Shirataki and ito konnyaku are versatile. You can get some ideas from COOKPAD, for example:

I first thought I would make something unusual, but I ended up using them in common dishes...

muskrat said...

Both look absolutely delicious! Now I have two new dishes to make! I love shirataki and konnyaku. I bought a couple of packages of shirataki recently. Then the next day, my mother gave me two more packages! I've mostly used it in Japanese soups, but recently I've been eating shirataki in a cold salad. I simply rinse the noodles, then marinade in a mixture of soy sauce, sesame oil, rice wine vinegar and sesame seed.
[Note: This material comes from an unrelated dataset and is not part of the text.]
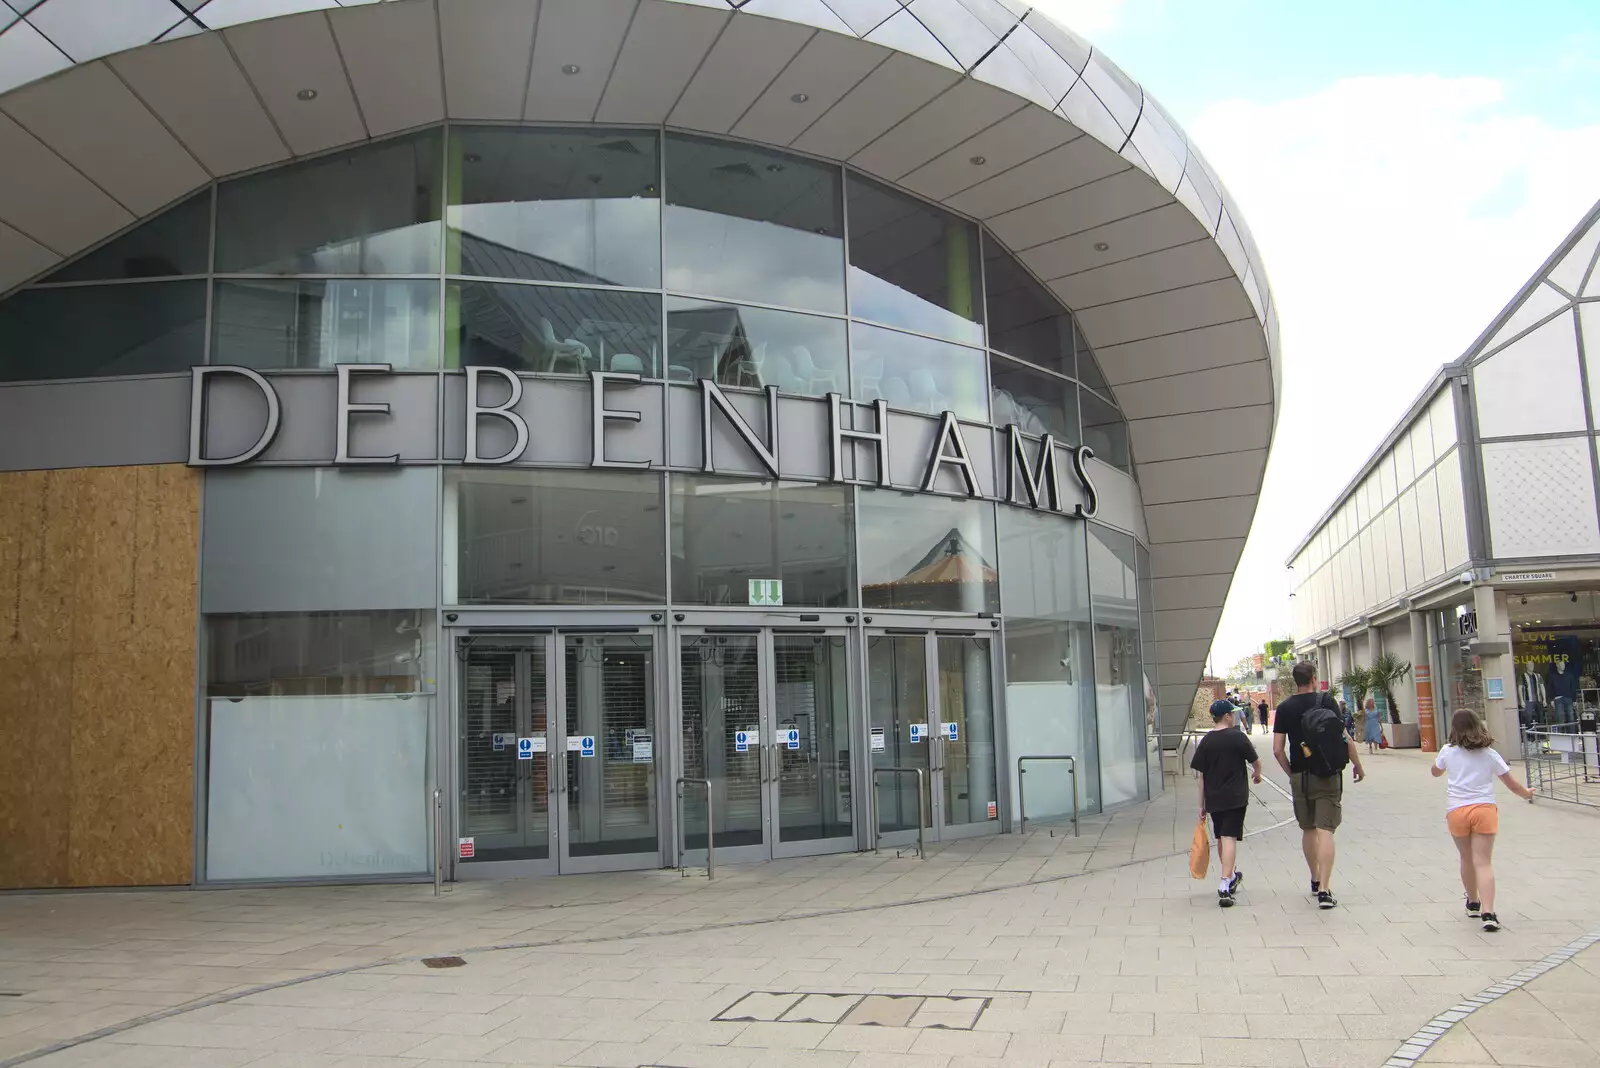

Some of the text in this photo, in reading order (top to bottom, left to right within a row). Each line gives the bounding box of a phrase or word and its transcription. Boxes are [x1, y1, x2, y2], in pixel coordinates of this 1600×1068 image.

Sometimes I top is with shichimi togarashi - DELICIOUS!

Hiroyuki said...

muskrat: Shirataki/ito konnyaku is often used in nabe (one-pot dishes), especially sukiyaki. It is also often used in gyudon (beef bowl), as a sort of extender.

I hope you find more interesting uses of shirataki/ito konnyaku.

Sissi said...

Hiroyki, thank you this perfect comparison of shirataki and ito konnyaku and for the link to my blog!
Frankly, for me both look practically the same! I wish my grocer imorted ito konnyaku once so that I could look at both closely.
Both dishes look excellent and I have already memorised them to broaden my list of konnyaku noodles dishes. Thank you for the ideas.
I am happy to see you also like sesame seeds (I add them to most of the salads I make).

Hiroyuki said...

Sissi: Thank *you* for inspiring me to make these dishes!

I like to add sesame seeds to Japanese-style salads, and like many Japanese, I like to add canned corn to potato and other salads. (Do you know that the Japanese like to add canned corn to pizzas?)

Sissi said...

Hiroyuki, I am very flattered I can inspire any of your culinary creations!
I didn't know it, but I have already seen corn on pizzas somewhere... It is certainly a better idea than adding pineapple (I hate pizza with pineapples). I sometimes add canned corn or frozen peas to rice (this way I cheat my eyes and eat less rice, which is one of my addictions...) and whenever I make a salad without green salad I almost always add corn too! (But I didn't know it was a Japanese habit). Canned tuna, canned corn, rice, pickles and mayonnaise make an excellent quick salad!